Back story: A. decided this winter to put up insulation in the bathroom to keep it from being cold and wet and mildew-y and all the other things you just don't want a bathroom to be. He put the insulation up. Yay! It was warmer! Problem solved.

And then we had silver insulation covering the walls in the downstairs bathroom. Futuristic and eye-catching, but not really in keeping with our decorative scheme. (That scheme being "not naked building materials.")

So after a considerable delay, A. put up Sheetrock. Yay!

And then we had dark blue Sheetrock imprinted with the reassuring "Mold-resistant" covering the walls in the downstairs bathroom. Still naked building materials.

After an even longer delay (A. really, really hates fiddly home improvement stuff, much preferring to build things with rocks or construct hand-operated cranes . . . which is a story for another day), A. got the trim up.  This involved some very exacting measurements of angles and cutting and fitting and a LOT of swearing. But he got it done.

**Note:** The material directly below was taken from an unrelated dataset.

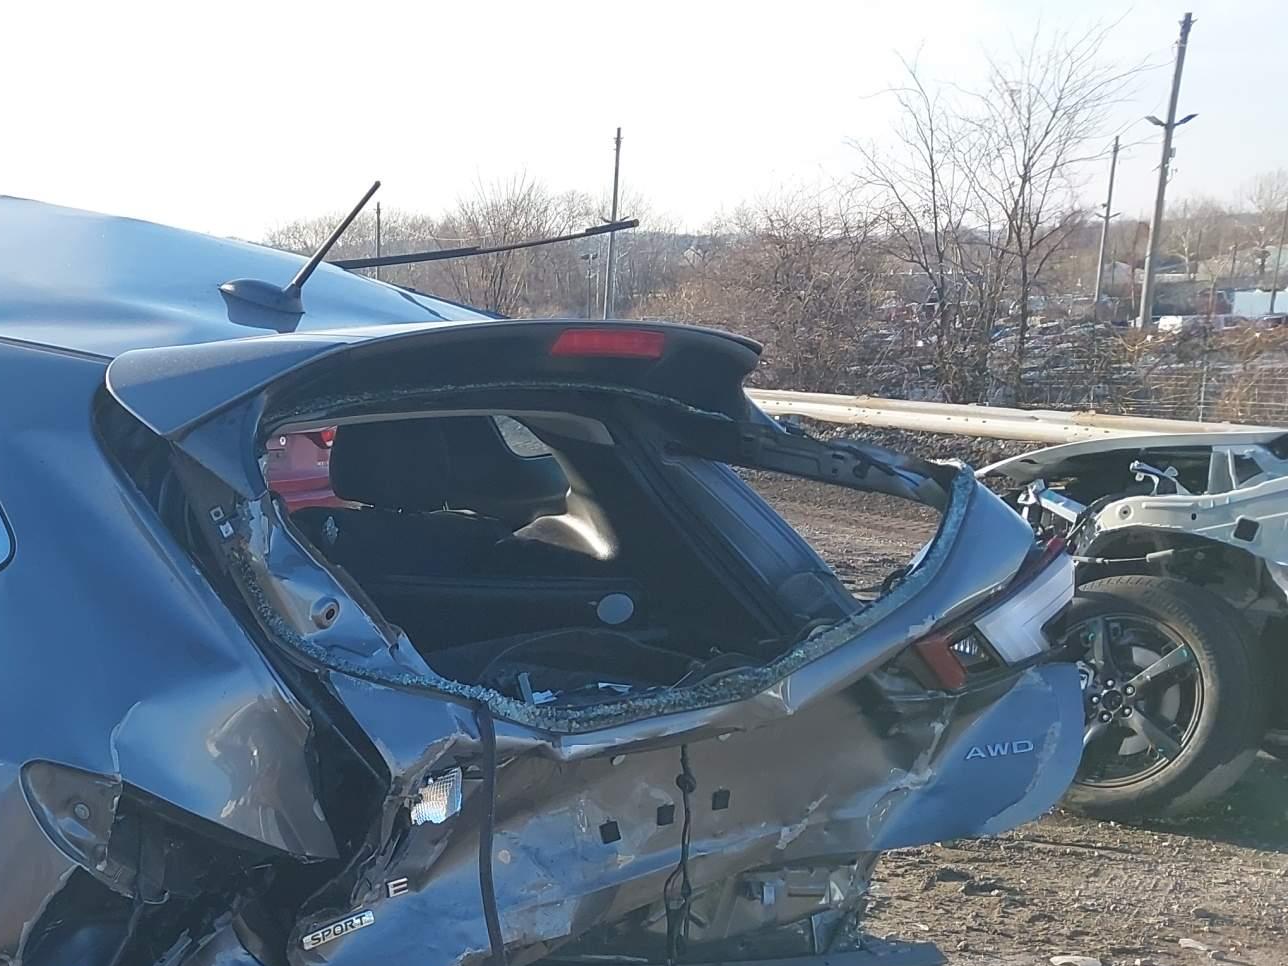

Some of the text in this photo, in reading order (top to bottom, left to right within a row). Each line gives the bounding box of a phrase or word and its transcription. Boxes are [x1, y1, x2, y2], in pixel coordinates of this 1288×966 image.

Which just left me and the paint. Shit.

I hate painting. From the very first time I did it at about age sixteen when my parents had me paint my bedroom, I have hated it. I still hate it. And that is because I am not a detail person. I am not patient. I am not good at being slow and careful and painting trim. And I really suck at beading.

But A. did his part of the job, and now it's my turn.

Unfortunately, thanks to my day (and night) job of child wrangling, I have very limited time to do it. I have to do it when both kids are asleep, obviously, because OH GOD the HORROR of Cubby around paint is unfathomable. So, usually about an hour out of the day.

That's why I'm painting in stages. Ceiling first. And then the dreaded clean-up of the brush and roller and paint-smeared newspaper and so on. Today I did the first coat on the walls. And then the dreaded clean-up again. Next nice, dry day we have, I'll do another coat on the walls. And then clean-up.  And THEN, FINALLY, I can do the trim.

God help me.

But it's coming along, slowly but surely. Very slowly, and not really very surely, but coming.

Sure could use that tortoise, though. You know, one with opposable thumbs that can hold a paint brush.

6 comments:

  1. The tortoise would paint the trim the exact same color and paint as everything else and would also realize the only time you will notice the paint not being perfect is while you are doing the painting ..after that ...no one will pay attention to the detail. :) B.
    P.S. He would also be very glad it wasn't a BIG room he had to paint.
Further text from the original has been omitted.